Jeremy Lalrinnunga, winner of a CWG gold. Jeremy Lalrinnunga, also with India's best CWG tattoo so far. pic.twitter.com/SykUDUTiEg
- ESPN India (@ESPNIndia) July 31, 2022
India's only youth Olympic gold medalist in lifting, this was Jeremy's "first" proper senior competition. "The senior events are in a whole different place, it's so much higher" he says, taking immense pride in finishing first on his first attempt. Not that anyone ever doubted he'd hit the ground running, though. Jeremy had always been earmarked for greatness, from very early on. Sharma recalls seeing him do a box jump as high his own forehead when he was 13, and being awestruck.
He had started weightlifting at eight years old, back home in Aizawl, Mizoram. He had started off with boxing, because his father was a national-level boxer, but the moment he saw men lifting massive weights clean over their heads, he knew this was it. "I still love boxing, and do it now and then," said Jeremy, "but there is... how do you put this... a different josh, energy, to lifting." He hurled himself into the sport, the shy kid who spoke nothing but Mizo learning Hindi with the same ease he kept increasing the size and number of metal plates at the end of his bar.
It's the explosiveness which left Sharma awestruck all those years ago that make Jeremy the lifter he is.
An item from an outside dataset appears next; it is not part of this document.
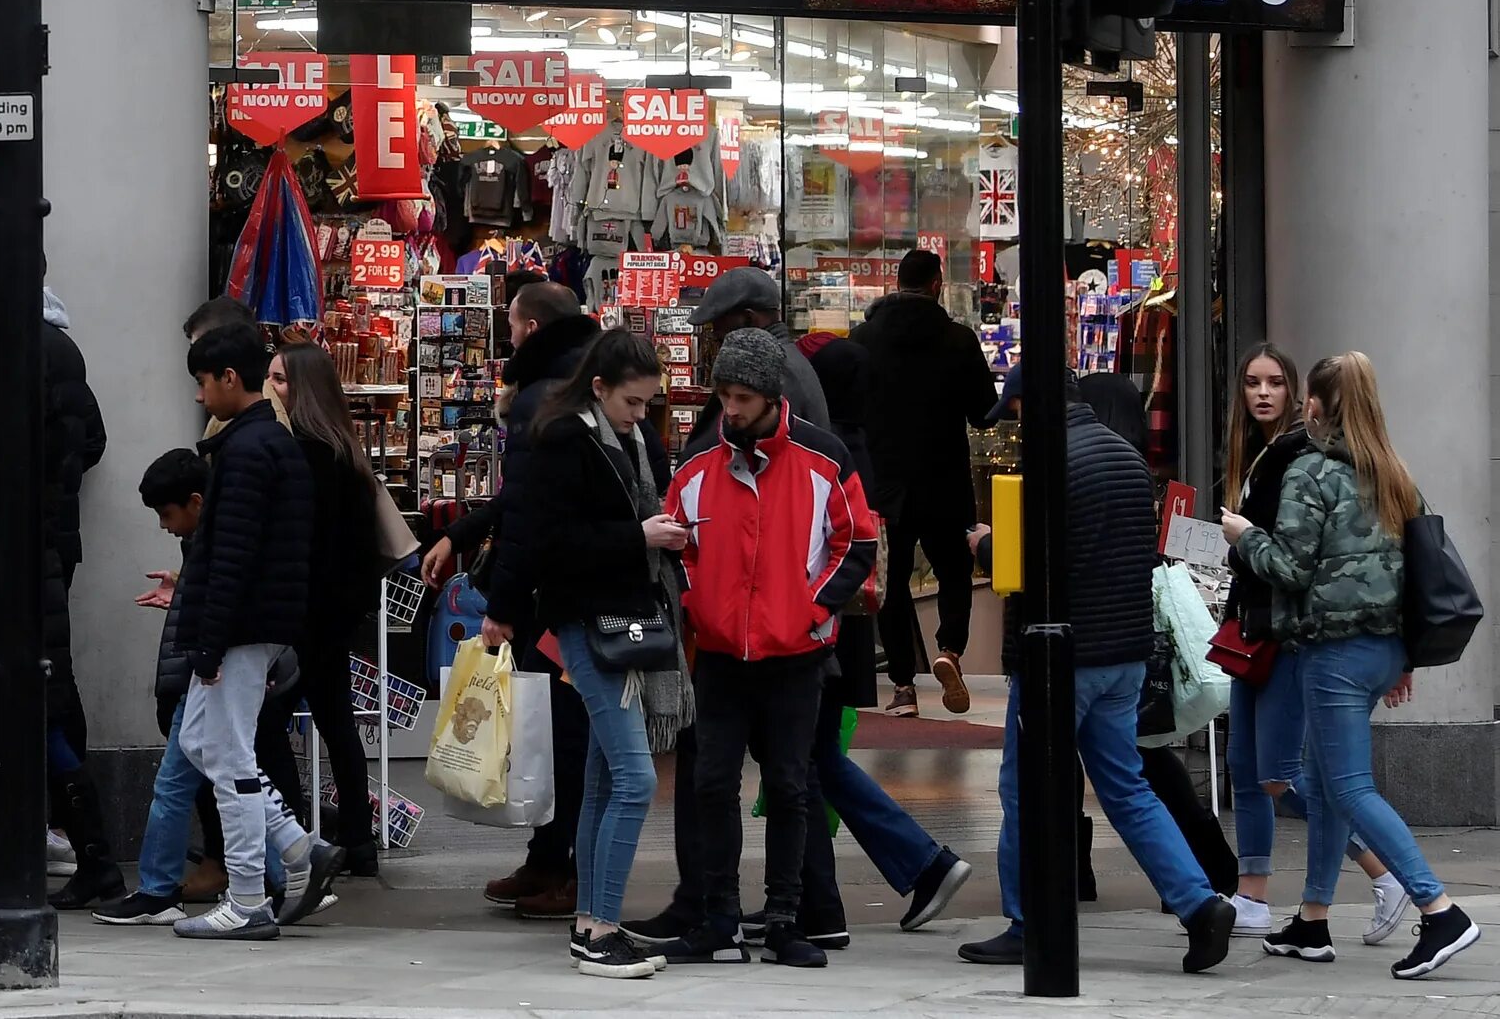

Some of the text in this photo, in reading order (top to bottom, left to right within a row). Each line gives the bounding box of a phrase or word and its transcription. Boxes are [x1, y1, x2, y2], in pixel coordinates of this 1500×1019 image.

More than pure strength, weightlifting is all about how you can go from a standing start to 100mph in the shortest time possible. As the numbers support, nobody -- in India, at the Games, in the youth scene across the world -- does it better.
Then there is his dedication to the sport. It may not be evident with the tattoos and the highlighted hair and the active social media presence, but Sharma believes that's what makes him so special. "He obviously is god-gifted but what really helps is his complete dedication to the sport. He is a young boy and there are obviously a lot of distractions. He knows how to give priority to his weightlifting. If you tell him to do something, he does it exactly and you don't have to keep making sure he is listening."
All that listening has now taken Jeremy to where he is now. Still a teenager, he's a Commonwealth Games, Commonwealth weightlifting, and Youth Olympic gold medalist. The definition of a prodigy. He says now that he'll move onto the 73kg category for the Paris 2024 Olympics, yet another jump in weight. Worrying about that is for tomorrow, though. Today he just wants the world to know that Jeremey Lalrinnunga is here to stay.